Five half-hour episodes in, If I Can Dream as a series remains on message about its goal to give aspiring artists a chance at breaking into Hollywood — although it takes a little while to get to that point. After a two-part introduction to the cast, the first part of the first episode in the house is just devoted to the cast figuring out where the cameras are and aren’t (so “they can do their own thing,” one says — cast members are allowed privacy on occasion, so long as two people are on camera in the house at all times.) In addition, most of the first episodes openly acknowledge all the press and promotion the cast has been doing, which grows uncomfortably meta at times.
Eventually we get down to business, though at times Dream as a narrative proves difficult to engage with. The big problem for me is that while it’s great that young talent is getting these amazing opportunities, there’s not a lot of drama to be found in their pursuit of their dreams — specifically because these guys are getting all these amazing opportunities. With agents and producers helping them find work and acting coaches and runway coaches prepping them for the jobs, there’s not nearly enough suspense to drive a half-hour episode, and it’s really hard to feel like they’ve earned their chances at fame. Put it like this: Cinderella would be a much less interesting story if Cinderella’s fairy godmother was constantly following her around giving her Gibson guitars.
To be fair, occasionally the reality of the industry does intrude: in Episode 3, for example, Giglianne doesn’t book a modeling job she went out for because she wasn’t tall enough. And as producer Michael Herwick reminds her: “Just because you’re attached to this project and Simon Fuller and all that, people aren’t just going to want to put you in stuff… It’s a tough town and rejection is just the majority of it.”
The breakout stars so far appear to be Justin and Giglianne, though less because of their innate talent and more because there’s more immediacy to their respective goals of performing music and modeling.
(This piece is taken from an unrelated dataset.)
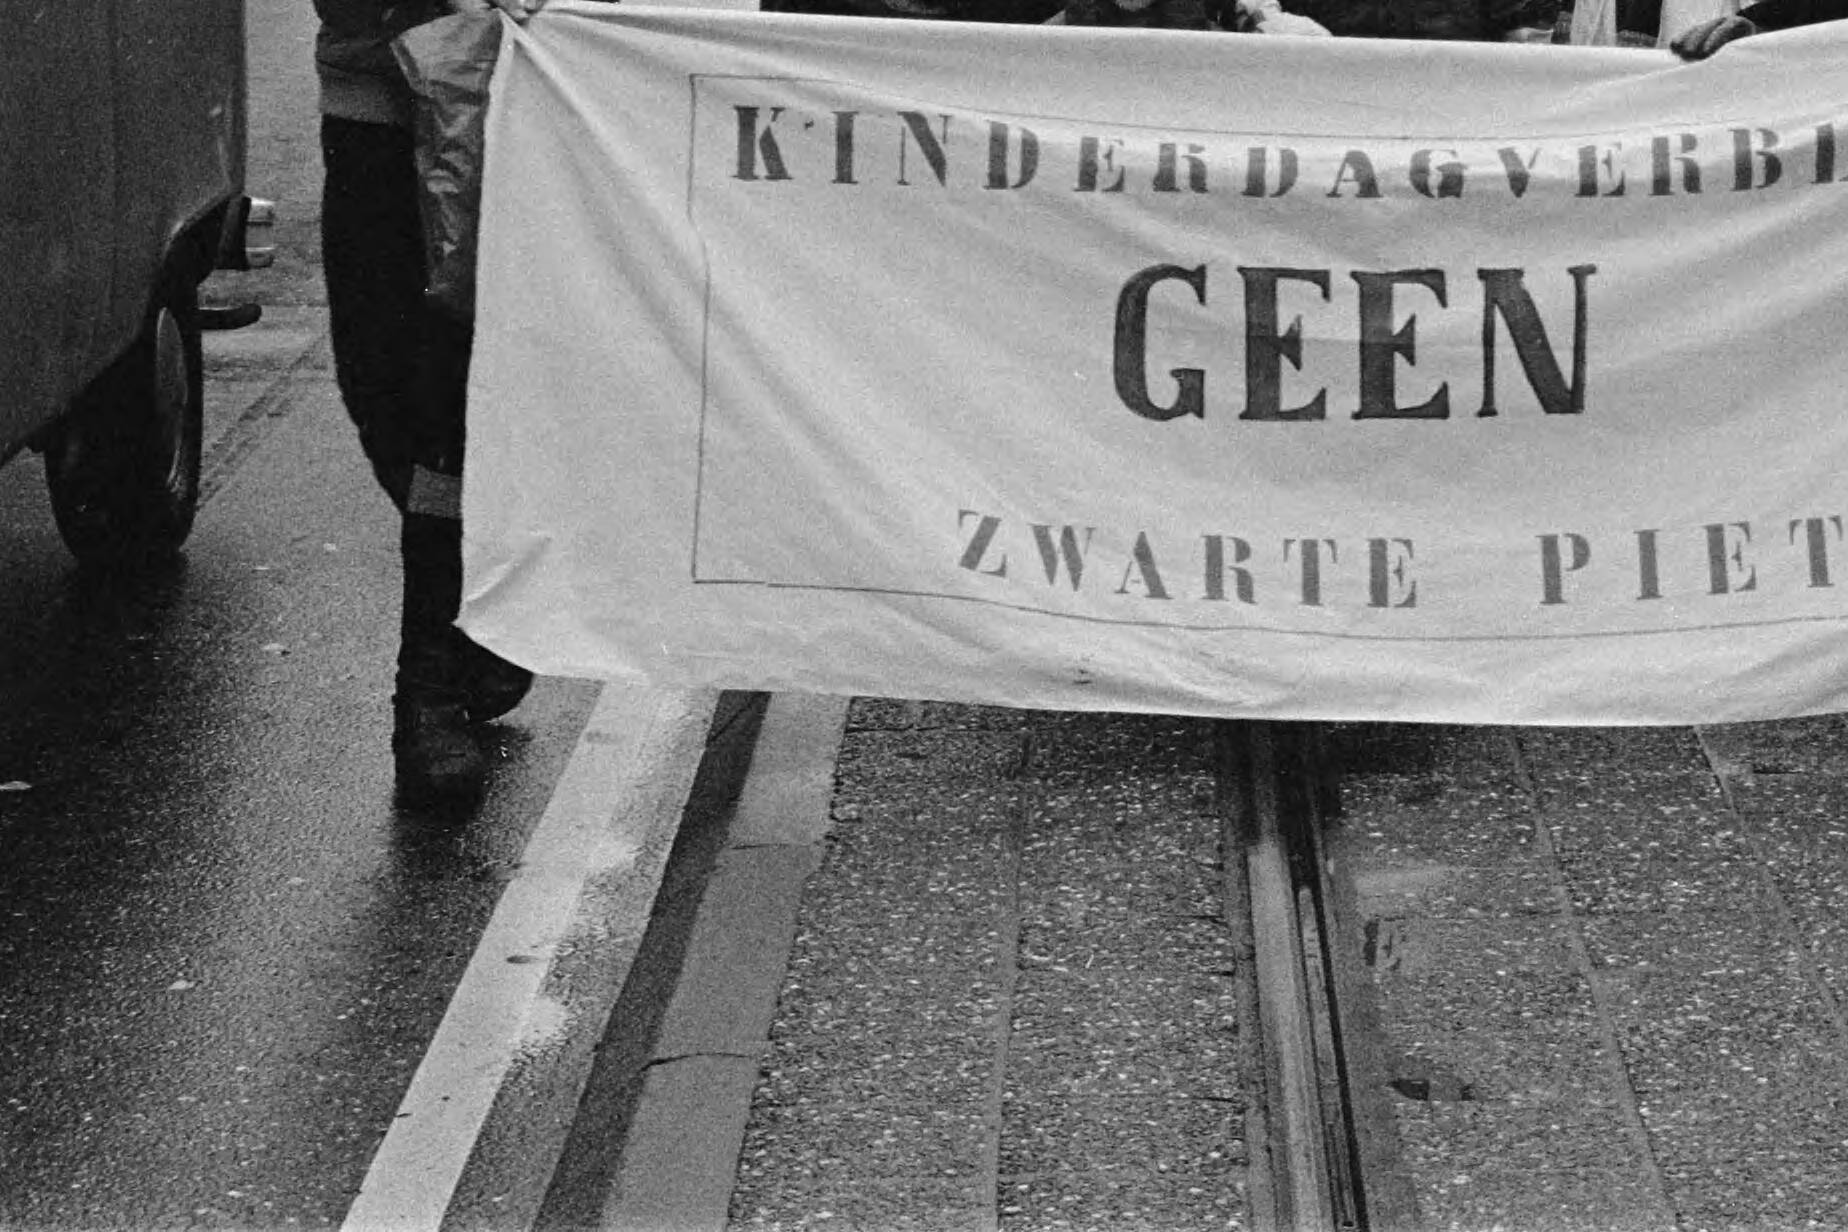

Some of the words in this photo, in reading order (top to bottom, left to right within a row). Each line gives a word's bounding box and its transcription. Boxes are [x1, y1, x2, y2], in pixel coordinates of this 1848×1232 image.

[1112, 262, 1600, 423] GEEN
[954, 508, 1420, 610] ZWARTE
[1535, 513, 1848, 606] PIET
And fortunately, by Episode 4 we also start getting to more interpersonal drama, including the fact that Justin is Justin Gaston (Miley Cyrus’s ex-boyfriend, a fact that was NOT in the initial press release) who’s now pursuing Giglianne, despite the fact that she’s not interested in having a boyfriend — unless, of course, he makes her breakfast, teaches her how to drive, writes a song for her, takes her out to dinner… Wow, Giglianne is not afraid to ask for what she wants.
As for the other cast members, they also all seem to be loosening up a bit, though I have to admit that I have a hard time telling Kara and Amanda apart, as they’re both pretty generic blond actresses at this point. Also, as fun as actor Ben’s awkwardness at living — and in some cases collaborating — with his attractive female roommates might be, it’s not quite enough to maintain interest.
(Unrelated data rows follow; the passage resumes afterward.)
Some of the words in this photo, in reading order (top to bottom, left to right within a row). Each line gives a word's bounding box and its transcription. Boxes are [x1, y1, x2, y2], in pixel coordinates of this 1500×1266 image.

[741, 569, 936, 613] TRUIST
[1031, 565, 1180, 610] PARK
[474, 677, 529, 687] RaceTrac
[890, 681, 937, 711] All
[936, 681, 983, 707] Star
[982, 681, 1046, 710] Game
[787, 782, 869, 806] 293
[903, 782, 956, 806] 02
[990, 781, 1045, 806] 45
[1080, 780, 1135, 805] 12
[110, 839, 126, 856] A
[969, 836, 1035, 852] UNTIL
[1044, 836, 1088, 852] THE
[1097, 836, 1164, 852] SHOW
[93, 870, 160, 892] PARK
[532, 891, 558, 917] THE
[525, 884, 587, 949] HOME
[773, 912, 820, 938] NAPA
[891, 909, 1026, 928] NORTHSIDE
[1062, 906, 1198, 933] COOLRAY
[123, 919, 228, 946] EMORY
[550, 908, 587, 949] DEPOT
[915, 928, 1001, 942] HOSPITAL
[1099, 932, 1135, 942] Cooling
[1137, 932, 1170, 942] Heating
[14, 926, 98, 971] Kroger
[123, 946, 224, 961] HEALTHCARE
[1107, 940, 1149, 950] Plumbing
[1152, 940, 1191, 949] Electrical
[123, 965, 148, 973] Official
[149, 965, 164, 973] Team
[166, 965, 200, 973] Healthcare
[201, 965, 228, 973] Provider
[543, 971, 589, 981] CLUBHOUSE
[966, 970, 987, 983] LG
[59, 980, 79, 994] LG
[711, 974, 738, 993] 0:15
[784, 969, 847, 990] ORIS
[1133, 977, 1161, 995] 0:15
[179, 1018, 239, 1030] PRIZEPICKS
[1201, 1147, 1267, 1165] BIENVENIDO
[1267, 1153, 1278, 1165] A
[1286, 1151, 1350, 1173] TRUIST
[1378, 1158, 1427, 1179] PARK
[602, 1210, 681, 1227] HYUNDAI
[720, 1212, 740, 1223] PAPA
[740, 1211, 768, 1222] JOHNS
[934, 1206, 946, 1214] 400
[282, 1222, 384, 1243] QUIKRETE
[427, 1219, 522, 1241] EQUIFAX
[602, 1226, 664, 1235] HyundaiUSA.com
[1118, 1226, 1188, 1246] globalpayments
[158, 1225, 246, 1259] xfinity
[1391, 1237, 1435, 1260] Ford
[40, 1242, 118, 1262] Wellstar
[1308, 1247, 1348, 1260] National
And using the live feed to improve my understanding of these people hasn’t been a very successful strategy. While the technology is solid and it is really fun to play around with the video player, in a does-anyone-else-remember-that-Sharon-Stone-movie-Sliver sort of way, at a certain point there’s a limit to how long I can watch two blonds hang out in a room and ignore each other — one because she’s using her laptop, the other because she’s scratching her foot… okay, now Blond 1 is rubbing Blond 2’s foot while they talk to Justin. That’s somewhat more interesting.
The episodic content holds a lot more interest for me than the live stream, as clever an idea as it may be, but for as much as what may be happening is reality, it’s still reality programming, which necessitates the telling of a story with real stakes. And If I Can Dream would be a lot more dynamic if it felt like there was much more of a possibility that these stories might not all have happy endings. Because that’s what Hollywood is really like.